[Items listed in a dataset]
╭──

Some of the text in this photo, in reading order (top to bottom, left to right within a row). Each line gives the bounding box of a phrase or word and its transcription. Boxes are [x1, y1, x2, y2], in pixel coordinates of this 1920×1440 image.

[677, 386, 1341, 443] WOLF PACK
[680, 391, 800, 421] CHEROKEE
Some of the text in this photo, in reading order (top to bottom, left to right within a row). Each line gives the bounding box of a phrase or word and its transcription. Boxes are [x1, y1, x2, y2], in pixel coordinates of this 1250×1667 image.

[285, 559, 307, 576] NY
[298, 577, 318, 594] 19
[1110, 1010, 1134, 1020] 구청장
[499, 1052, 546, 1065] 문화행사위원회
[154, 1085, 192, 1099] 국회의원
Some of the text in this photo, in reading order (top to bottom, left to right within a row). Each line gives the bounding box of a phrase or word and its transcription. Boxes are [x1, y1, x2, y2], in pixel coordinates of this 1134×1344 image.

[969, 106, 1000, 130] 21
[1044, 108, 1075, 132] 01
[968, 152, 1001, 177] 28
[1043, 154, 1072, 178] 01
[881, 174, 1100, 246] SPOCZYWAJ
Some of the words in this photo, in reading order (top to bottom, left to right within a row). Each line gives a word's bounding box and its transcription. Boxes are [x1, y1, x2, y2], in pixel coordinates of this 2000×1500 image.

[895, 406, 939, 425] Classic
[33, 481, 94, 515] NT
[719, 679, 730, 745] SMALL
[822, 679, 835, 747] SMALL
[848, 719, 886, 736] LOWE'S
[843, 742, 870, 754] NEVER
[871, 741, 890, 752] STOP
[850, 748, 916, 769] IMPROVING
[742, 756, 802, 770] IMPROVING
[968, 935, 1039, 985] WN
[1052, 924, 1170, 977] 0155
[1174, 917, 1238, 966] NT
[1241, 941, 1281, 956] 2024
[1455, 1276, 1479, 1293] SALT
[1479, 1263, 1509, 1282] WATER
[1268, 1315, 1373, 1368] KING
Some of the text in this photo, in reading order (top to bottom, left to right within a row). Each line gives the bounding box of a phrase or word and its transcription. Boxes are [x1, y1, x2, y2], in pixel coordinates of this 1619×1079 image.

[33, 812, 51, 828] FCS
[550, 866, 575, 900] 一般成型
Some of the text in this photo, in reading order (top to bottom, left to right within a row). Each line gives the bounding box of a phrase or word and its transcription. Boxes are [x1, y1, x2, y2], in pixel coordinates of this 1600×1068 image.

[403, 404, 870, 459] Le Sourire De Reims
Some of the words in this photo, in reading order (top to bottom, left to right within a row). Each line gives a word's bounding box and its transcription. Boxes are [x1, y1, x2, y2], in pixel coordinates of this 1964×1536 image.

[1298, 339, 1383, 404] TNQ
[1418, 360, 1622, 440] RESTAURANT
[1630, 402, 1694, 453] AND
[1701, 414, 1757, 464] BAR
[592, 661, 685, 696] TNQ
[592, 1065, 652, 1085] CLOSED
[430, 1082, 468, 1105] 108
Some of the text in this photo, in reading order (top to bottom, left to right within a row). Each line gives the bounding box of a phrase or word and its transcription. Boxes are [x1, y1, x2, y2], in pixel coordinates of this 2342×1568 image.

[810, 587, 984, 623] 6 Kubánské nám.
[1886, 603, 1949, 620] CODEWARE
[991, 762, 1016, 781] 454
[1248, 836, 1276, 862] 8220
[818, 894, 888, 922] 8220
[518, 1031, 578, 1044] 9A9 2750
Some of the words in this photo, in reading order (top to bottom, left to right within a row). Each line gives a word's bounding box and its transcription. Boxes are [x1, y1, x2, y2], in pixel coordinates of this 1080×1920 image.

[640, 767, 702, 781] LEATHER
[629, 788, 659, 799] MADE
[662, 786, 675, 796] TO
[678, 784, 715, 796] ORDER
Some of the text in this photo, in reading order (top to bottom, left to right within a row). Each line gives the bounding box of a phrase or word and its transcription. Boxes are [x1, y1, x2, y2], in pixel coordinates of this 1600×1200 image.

╰──

Requirement
Set down each record verbatim.

Expected answer
Some of the text in this photo, in reading order (top to bottom, left to right within a row). Each line gives the bounding box of a phrase or word and its transcription. Boxes are [x1, y1, x2, y2], in pixel coordinates of this 1920×1440 image.

[677, 386, 1341, 443] WOLF PACK
[680, 391, 800, 421] CHEROKEE
Some of the text in this photo, in reading order (top to bottom, left to right within a row). Each line gives the bounding box of a phrase or word and its transcription. Boxes are [x1, y1, x2, y2], in pixel coordinates of this 1250×1667 image.

[285, 559, 307, 576] NY
[298, 577, 318, 594] 19
[1110, 1010, 1134, 1020] 구청장
[499, 1052, 546, 1065] 문화행사위원회
[154, 1085, 192, 1099] 국회의원
Some of the text in this photo, in reading order (top to bottom, left to right within a row). Each line gives the bounding box of a phrase or word and its transcription. Boxes are [x1, y1, x2, y2], in pixel coordinates of this 1134×1344 image.

[969, 106, 1000, 130] 21
[1044, 108, 1075, 132] 01
[968, 152, 1001, 177] 28
[1043, 154, 1072, 178] 01
[881, 174, 1100, 246] SPOCZYWAJ
Some of the words in this photo, in reading order (top to bottom, left to right within a row). Each line gives a word's bounding box and its transcription. Boxes are [x1, y1, x2, y2], in pixel coordinates of this 2000×1500 image.

[895, 406, 939, 425] Classic
[33, 481, 94, 515] NT
[719, 679, 730, 745] SMALL
[822, 679, 835, 747] SMALL
[848, 719, 886, 736] LOWE'S
[843, 742, 870, 754] NEVER
[871, 741, 890, 752] STOP
[850, 748, 916, 769] IMPROVING
[742, 756, 802, 770] IMPROVING
[968, 935, 1039, 985] WN
[1052, 924, 1170, 977] 0155
[1174, 917, 1238, 966] NT
[1241, 941, 1281, 956] 2024
[1455, 1276, 1479, 1293] SALT
[1479, 1263, 1509, 1282] WATER
[1268, 1315, 1373, 1368] KING
Some of the text in this photo, in reading order (top to bottom, left to right within a row). Each line gives the bounding box of a phrase or word and its transcription. Boxes are [x1, y1, x2, y2], in pixel coordinates of this 1619×1079 image.

[33, 812, 51, 828] FCS
[550, 866, 575, 900] 一般成型
Some of the text in this photo, in reading order (top to bottom, left to right within a row). Each line gives the bounding box of a phrase or word and its transcription. Boxes are [x1, y1, x2, y2], in pixel coordinates of this 1600×1068 image.

[403, 404, 870, 459] Le Sourire De Reims
Some of the words in this photo, in reading order (top to bottom, left to right within a row). Each line gives a word's bounding box and its transcription. Boxes are [x1, y1, x2, y2], in pixel coordinates of this 1964×1536 image.

[1298, 339, 1383, 404] TNQ
[1418, 360, 1622, 440] RESTAURANT
[1630, 402, 1694, 453] AND
[1701, 414, 1757, 464] BAR
[592, 661, 685, 696] TNQ
[592, 1065, 652, 1085] CLOSED
[430, 1082, 468, 1105] 108
Some of the text in this photo, in reading order (top to bottom, left to right within a row). Each line gives the bounding box of a phrase or word and its transcription. Boxes are [x1, y1, x2, y2], in pixel coordinates of this 2342×1568 image.

[810, 587, 984, 623] 6 Kubánské nám.
[1886, 603, 1949, 620] CODEWARE
[991, 762, 1016, 781] 454
[1248, 836, 1276, 862] 8220
[818, 894, 888, 922] 8220
[518, 1031, 578, 1044] 9A9 2750
Some of the words in this photo, in reading order (top to bottom, left to right within a row). Each line gives a word's bounding box and its transcription. Boxes are [x1, y1, x2, y2], in pixel coordinates of this 1080×1920 image.

[640, 767, 702, 781] LEATHER
[629, 788, 659, 799] MADE
[662, 786, 675, 796] TO
[678, 784, 715, 796] ORDER
Some of the text in this photo, in reading order (top to bottom, left to right within a row). Each line gives the bounding box of a phrase or word and its transcription. Boxes are [x1, y1, x2, y2], in pixel coordinates of this 1600×1200 image.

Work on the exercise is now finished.